Managerial Remuneration in a Company -2 [SCHEDULE XIII] (See section 198, 269, 310 and 311)
Managerial Remuneration in a Company -2 [SCHEDULE XIII] (See section 198, 269, 310 and 311)
(See section 198, 269, 310 and 311)
Condition to be fulfilled for the appointment of a managing or whole-time director or a manager with out the approval of the Central Government
[PART I]
Appointments
No person shall be eligible for appointment as a managing or whole-time director or a manager (herein after referred to as marginal person) of a company unless he satisfies the following conditions, namely:-
(a) He had not been sentenced to imprisonment for any period, or to a fine exceeding one thousand rupees, for the conviction of an offence under any of the following Acts, namely: –
- The Indian stamp Act, 1899 (2 of 1899),
- The Central Excise and Salt Act, 1944 (1 of 1944),
- The Industries (Development and Regulation) Act, 1951 (65 of 1951),
- The Prevention of Food Adulteration Act, 1954 (37 of 1954),
- The Essential Commodities Act, 1955 (10 of 1955),
- The Companies Act, 1956 (1 of 1956),
- The Securities Contracts (Regulation) Act, 1956 (42 of 1956),
- The Wealth Tex Act, 1957 (27 of 1957),
- The Income Tax Act, 1961 (43 of 1961),
- The Custom Act, 1962 (52 of 1962),
- The Monopolies and Restrictive Trade Practices Act, 1969 (54 of 1969),
- The Foreign Exchange Regulation Act, 1973 (46 of 1973),
- The Sick Industrial Companies (Special Provisions) Act, 1985 (1 of 1986),
- The Securities and Exchange Board of India Act, 1992 (15 of 1992),
- The Foreign Trade (Development and Regulation) Act, 1992 (22 of 1992),
(b) He had not been detained for any period under the Conservation of Foreign Exchange and Prevention of Smuggling Activities Act, 1974 (52 of 1974);
Provided that where Central Government has given its approval to the appointment of a person convicted or detained under sub-paragraph (a) or sub-paragraph (b). as the case may be, no further approval of the central government shall be necessary for the subsequent appointment of that person if he had not been so convicted or detained subsequent to such approval;
(c) He has completed the age of 25 years and has not attained the age of 70 years:
Provided that where-
- He has not completed the age of 25 years, but has attained the age of majority; or
- He has attained the age of 70 years; and where his appointment is approved by a special resolution passed by the company in general meeting, no further approval of the Central Government shall be necessary for such appointment
(d) Where he is a managerial person in more than one company he draws remuneration from one or more companies subject to the ceiling provided in section III of Part II;]
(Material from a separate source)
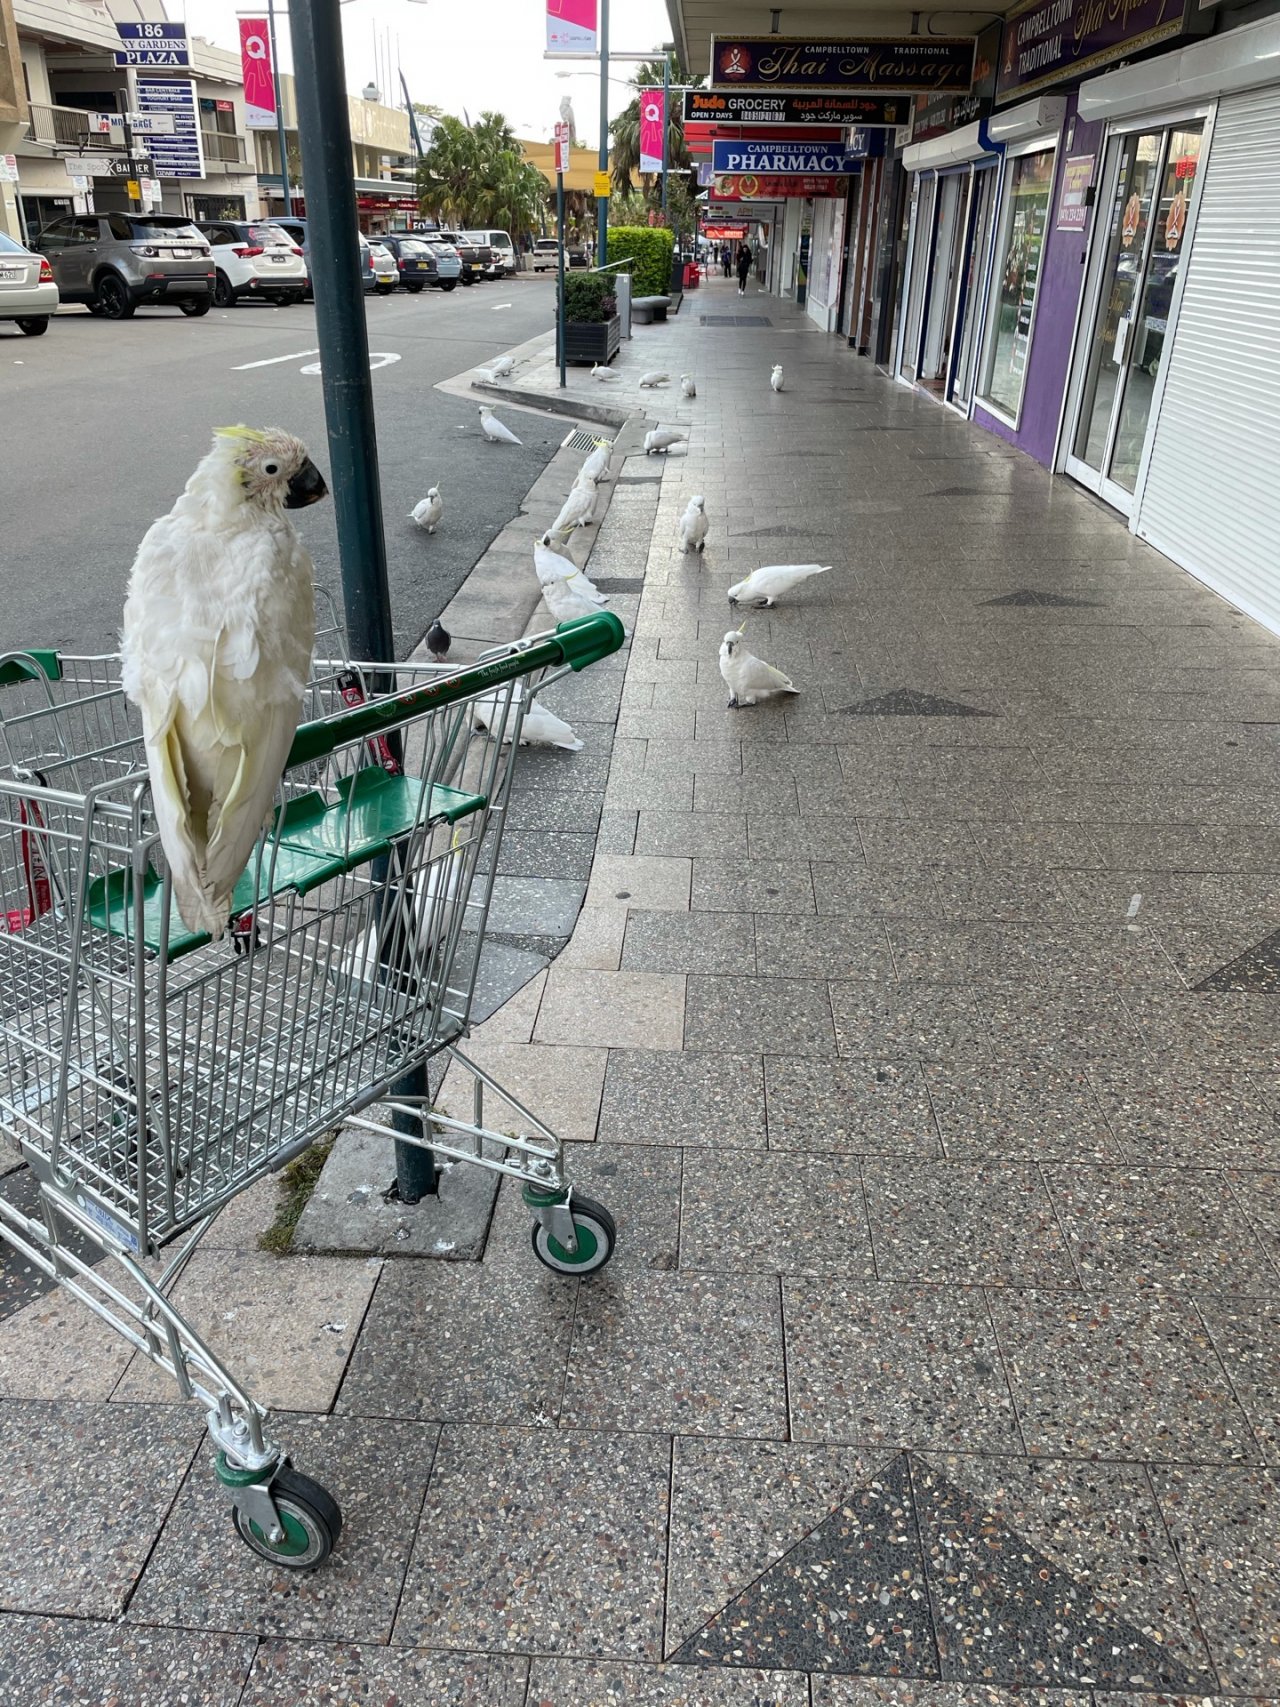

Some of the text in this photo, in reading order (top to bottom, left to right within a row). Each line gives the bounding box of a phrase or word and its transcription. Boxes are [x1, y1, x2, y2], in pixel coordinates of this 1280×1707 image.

(e) He is resident in India.
Explanation 2[I]. – For the purpose of this Schedule, resident in India
Includes a person who has been staying in India for a continuous period of not less than twelve months immediately preceding the date of his appointment as a managerial person and who has come to stay in India, –
- For taking up employment in India, or
- for carrying on a business or vocation in India.
3 [Explanation II. – This condition shall not apply to the companies in Special Economic Zones as notified by Department of Commerce from time to time.
Provided that a person, being a non-resident in India shall enter India only after obtaining a proper employment visa from the concerned Indian mission abroad. For this purpose, such person shall be required to furnish, along with the visa application form, profile of the Company, the principal employer and terms and conditions of such person’s appointment.]
PART II
Remuneration
Section I. – Remuneration payable by companies having profits
Subject to the provisions of section 198 and section 309, a company having profits in a financial year may pay any remuneration, by way of salary, dearness allowance, perquisites, commission and other allowances, which shall not exceed five percent of its net profits for one such managerial person, and if there is more than one such managerial person, ten percent for all of them together.
Section II. – Remuneration payable by companies having no profits or inadequate profits.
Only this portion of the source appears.